Over the last few years, the executive crew at Shire has on a few rare occasions spotlighted their work in mRNA, touting its potential for adding to its forecast of billions in new revenue. A little more than two years ago, the research arm of the Cystic Fibrosis Foundation contributed $15 million to the venture. But now, with their big merger with Baxalta still being worked through, Shire is lateraling their mRNA team — more than a dozen staffers and two key programs — to RaNA Therapeutics in exchange for a chunk of equity.

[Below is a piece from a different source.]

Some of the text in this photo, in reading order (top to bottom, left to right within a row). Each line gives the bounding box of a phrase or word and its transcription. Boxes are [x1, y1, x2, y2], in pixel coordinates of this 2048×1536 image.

The Cambridge, MA-based RaNA gets two preclinical programs that are poised to enter the clinic in the near future, with a shot at launching clinical programs on cystic fibrosis and urea cycle disorders in H1 2018. And RaNA CEO Ron Renaud is clearly pumped about adding a new platform to the RNAi company at a time that he is halfway through raising a “substantial” amount of cash to back the next stage of development work at the biotech.
“What I was most intrigued by,” Renaud tells me, “is that this initiative was underway in 2008. This is something they have been working on for awhile, building IP, working through all those development issues to where it is today. Having this new platform opens up a vast amount of target space for us.”

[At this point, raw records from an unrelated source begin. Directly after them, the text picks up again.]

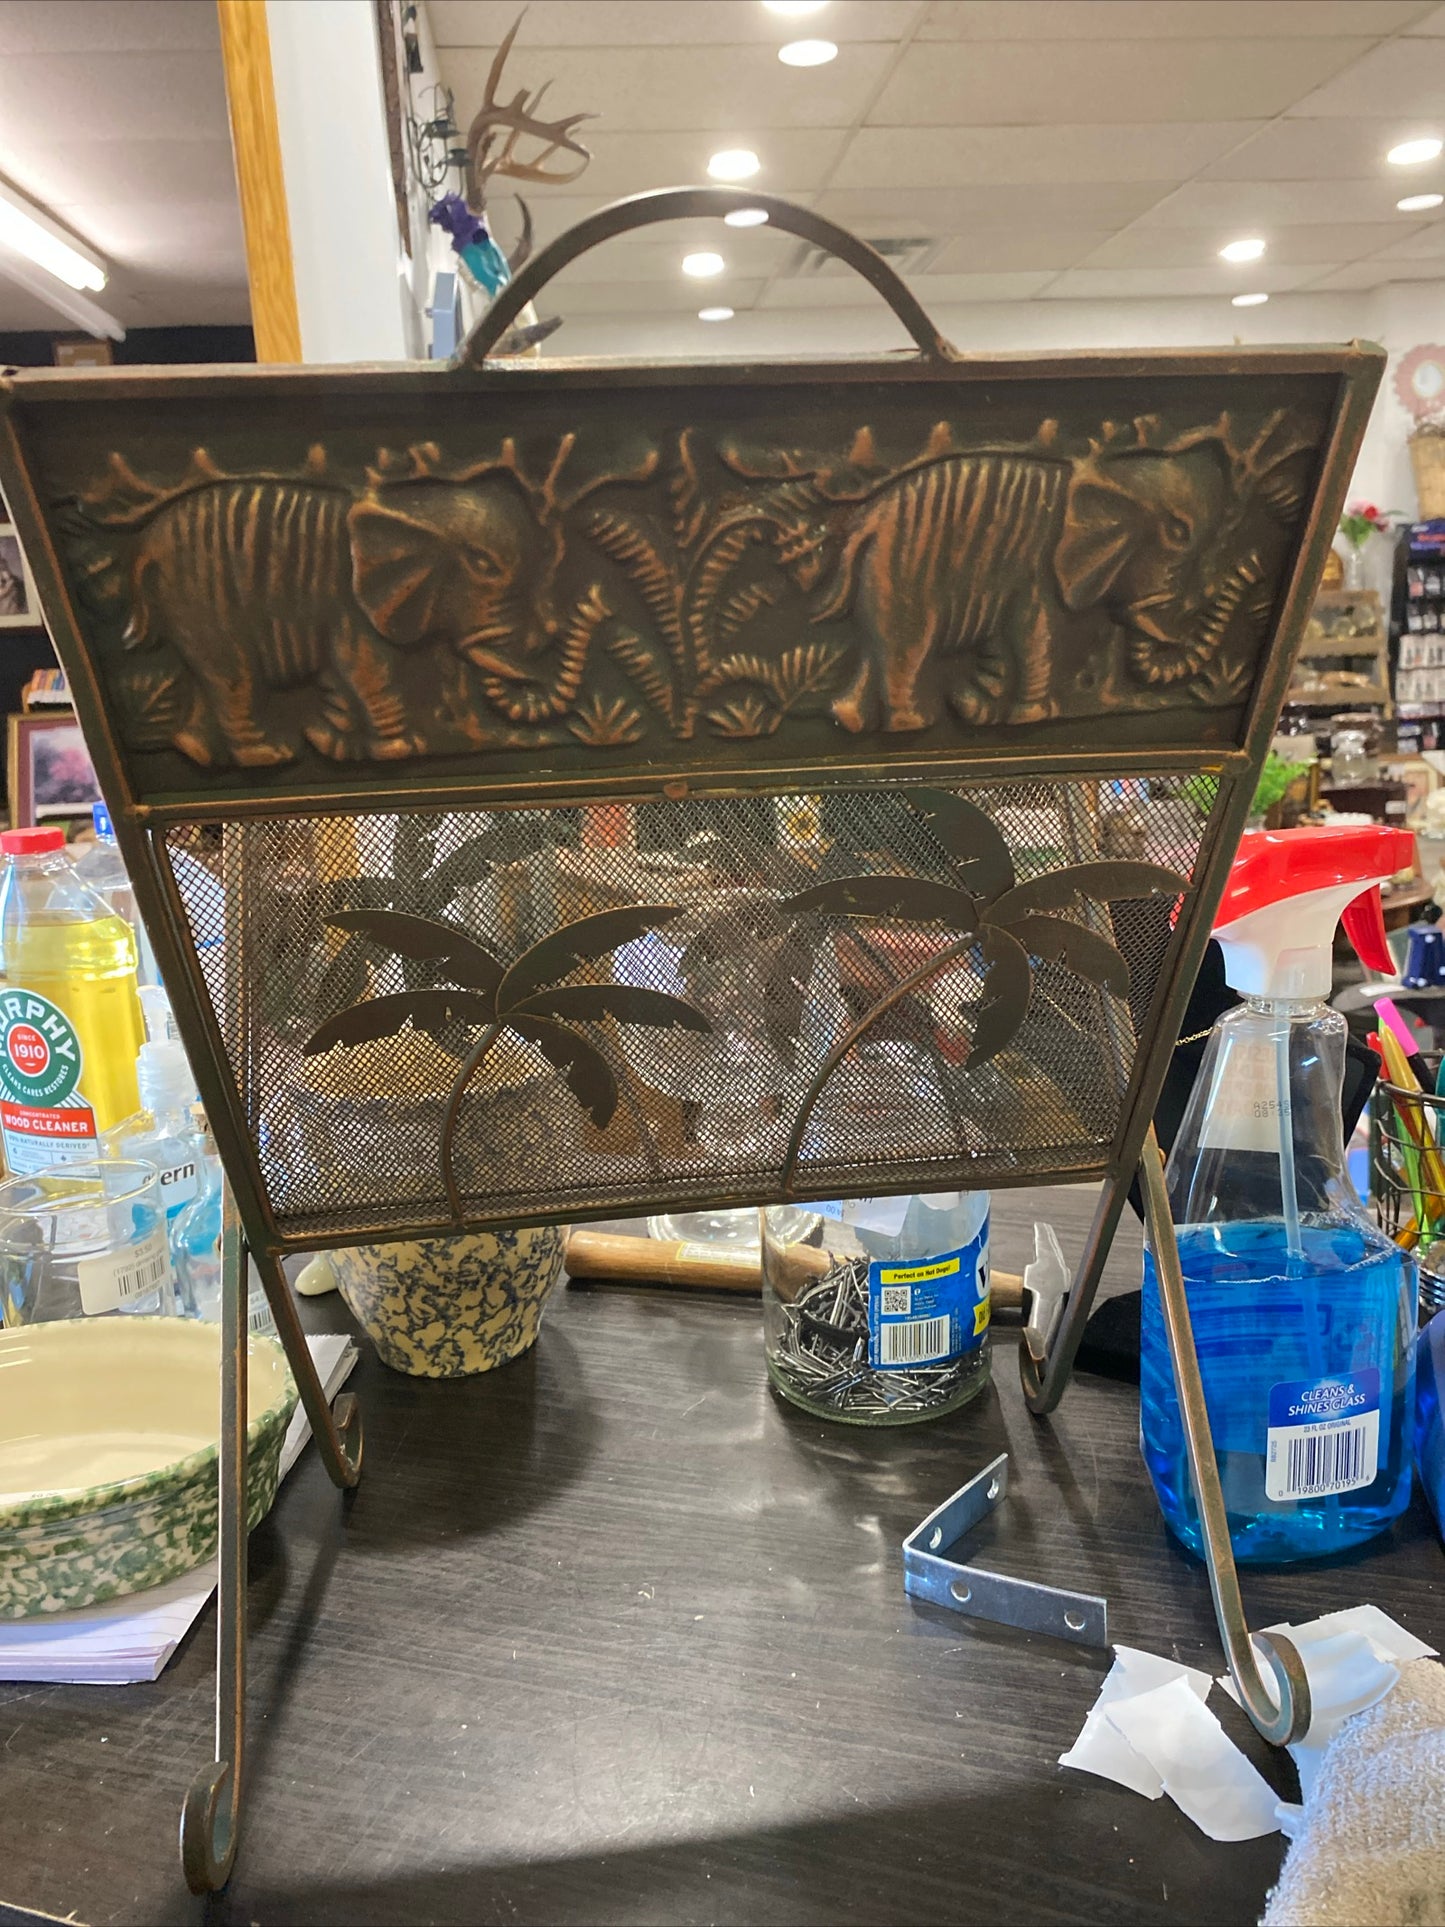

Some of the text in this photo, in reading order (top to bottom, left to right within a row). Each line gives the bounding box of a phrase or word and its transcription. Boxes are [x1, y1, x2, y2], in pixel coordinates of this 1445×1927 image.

[17, 1034, 36, 1042] SINCE
[14, 1044, 45, 1060] 1910
[2, 1063, 69, 1097] CLEANS CARES RESTORES
[4, 1113, 88, 1133] WOOD CLEANER
[20, 1137, 53, 1149] NATURALLY
[893, 1271, 916, 1280] Perfect
[925, 1268, 936, 1277] Hot
[1301, 1383, 1355, 1402] CLEANS &
[1288, 1393, 1366, 1417] SHINES GLASS
[1327, 1419, 1351, 1430] ORIGINAL
[1297, 1483, 1326, 1495] 19800
[1329, 1478, 1357, 1491] 70195

Getting the group will increase RaNA’s head count from 48 to more than 60, says the CEO, giving it a makeover that will fundamentally alter its profile.
Renaud declined to say for now how much equity Shire is getting, or how much he plans to raise.

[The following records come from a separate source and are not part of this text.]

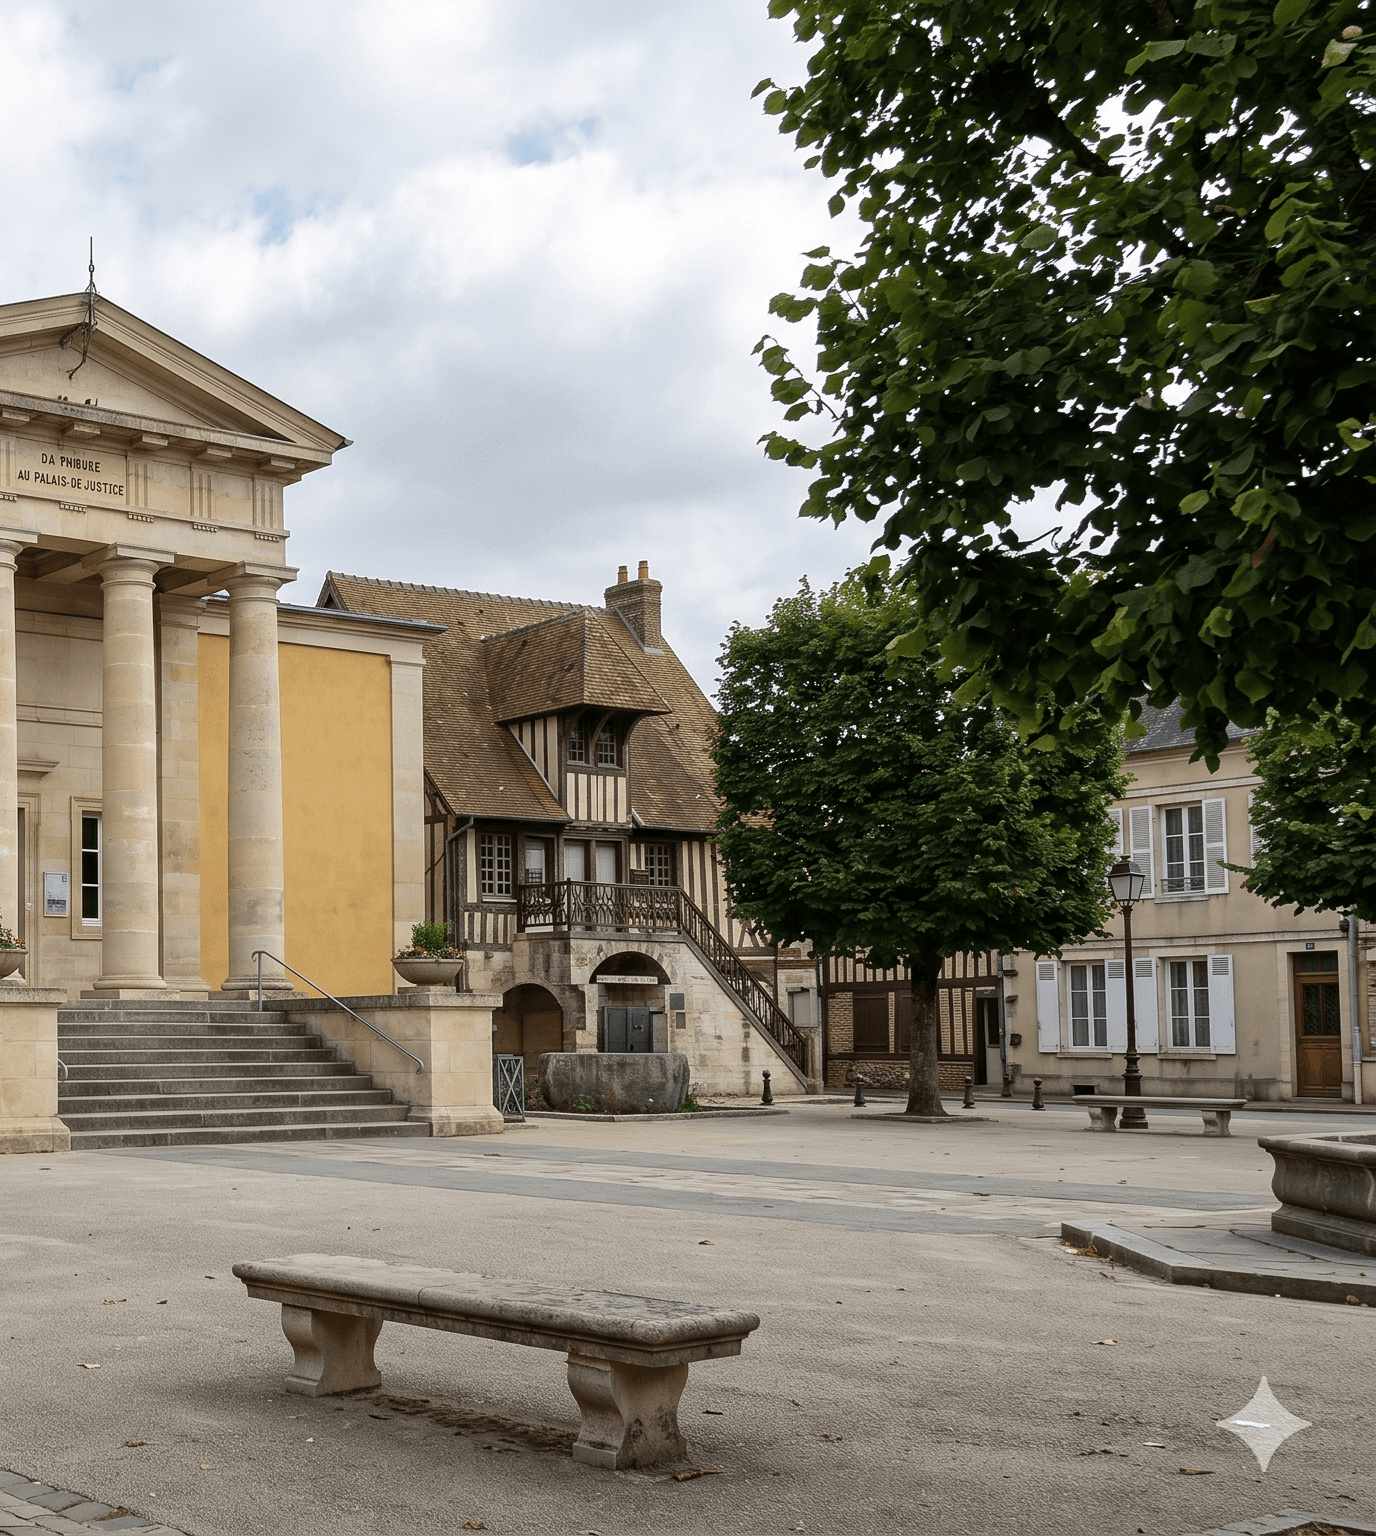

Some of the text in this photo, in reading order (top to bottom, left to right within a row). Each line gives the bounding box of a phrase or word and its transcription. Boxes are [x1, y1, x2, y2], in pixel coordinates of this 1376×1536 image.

[41, 453, 55, 465] DA
[18, 470, 30, 481] AU
[84, 480, 124, 496] JUSTICE
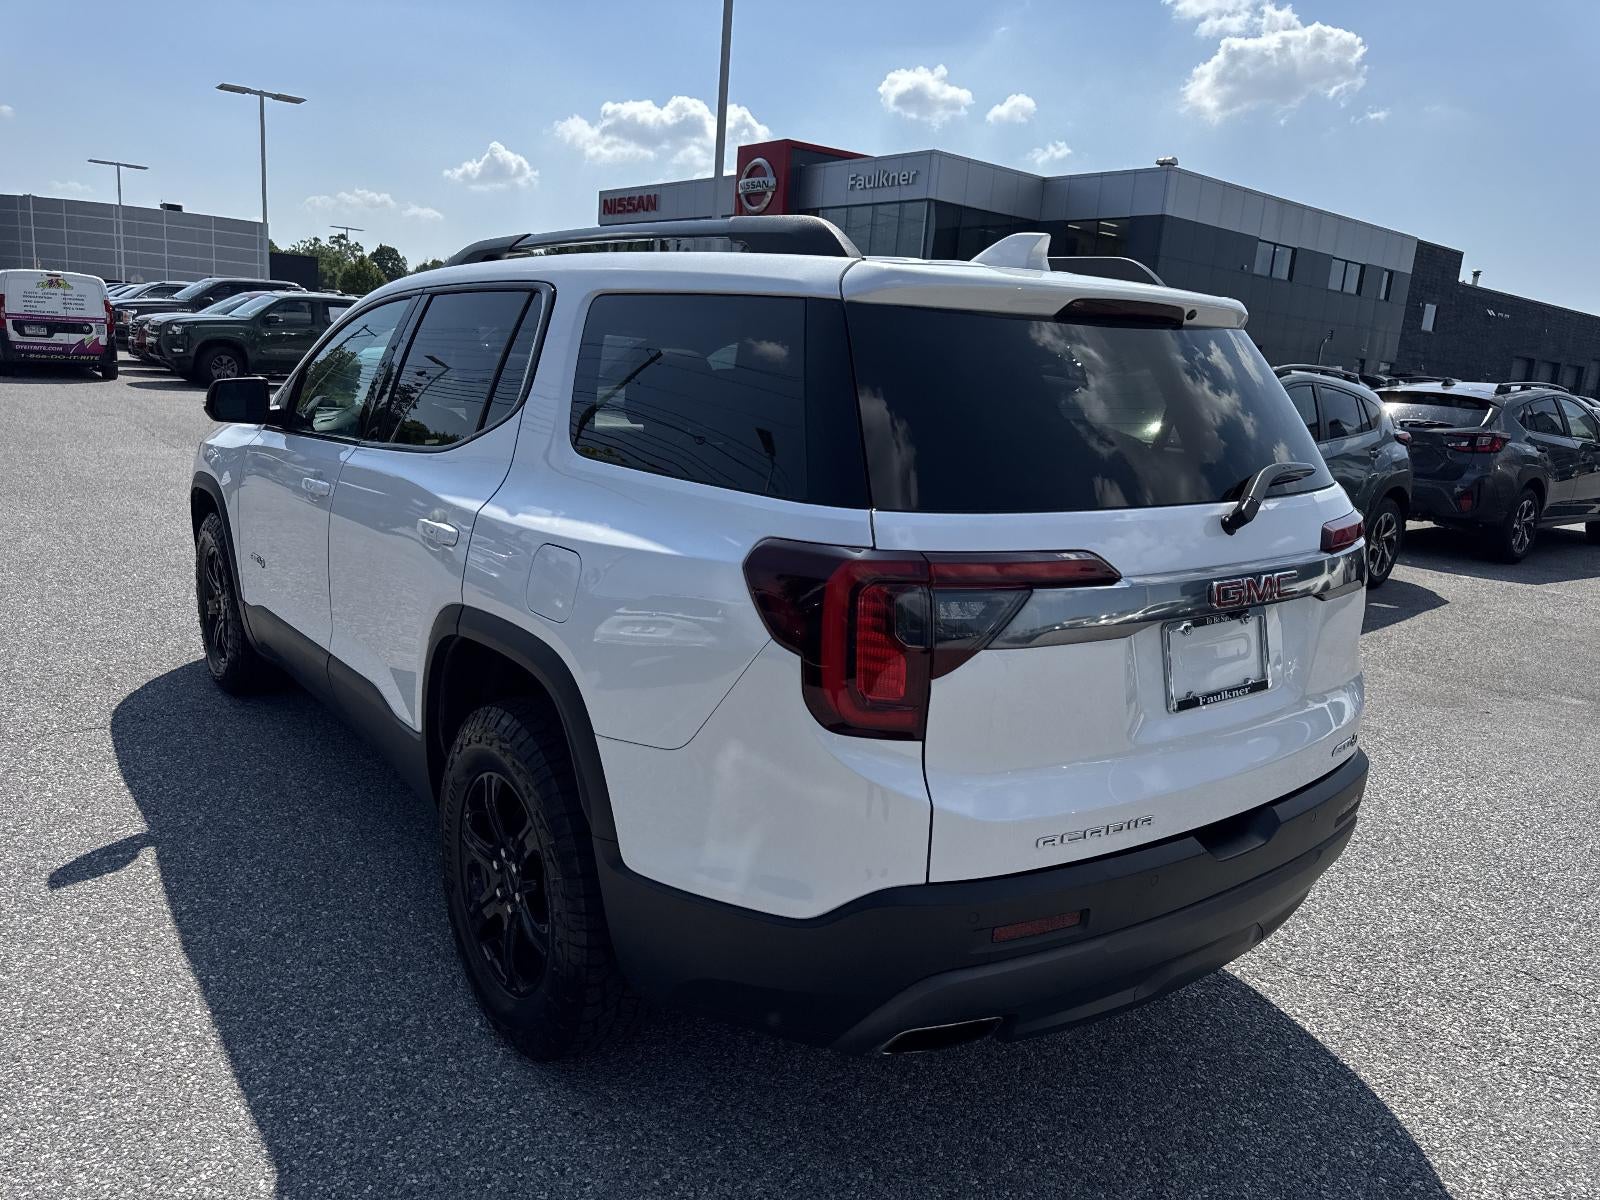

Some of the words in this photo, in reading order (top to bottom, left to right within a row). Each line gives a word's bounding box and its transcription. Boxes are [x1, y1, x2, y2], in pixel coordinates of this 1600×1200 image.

[739, 180, 769, 190] NISSAN
[848, 169, 918, 190] Faulkner
[602, 193, 659, 216] NISSAN
[1212, 570, 1298, 609] GMC
[1199, 686, 1251, 706] Faulkner
[1036, 815, 1154, 849] ACADIA

For its part, a Shire spokesperson says the growing company spun out the platform as part of an ongoing assessment of what works best inside, or outside, Shire.
“From a big picture perspective,” she adds, “periodically evaluating and discontinuing programs is necessary to maintain a fully optimized pipeline where achieving innovation/maintaining focus are the goals….Shire will stay close to RaNA and the MRT Platform as Shire receives an equity stake in RaNA and is eligible for future milestones and royalties on products developed with the technology.”
In a short period, RaNA will jump into a position where it can start making a mark in a field that has attracted intense interest. The nearby biotech Moderna has earned the lion’s share of the attention, and $1.9 billion in backing, for their mRNA work — using messenger RNA technology to smuggle in instructions for cells to make specific therapeutic proteins. Moderna plans to unveil more of its pipeline work next week at the big JP Morgan confab, but it’s still in early-stage development with its lead efforts focused on new vaccines. CureVac in Germany has more advanced work on a prostate cancer vaccine.
It is extremely risky work with little by way of solid clinical data to prove that you can actually do what’s intended. On the other hand, RaNA now is close enough behind the leaders that it can position itself in key fields just as the sector is either taking off, or counting casualties.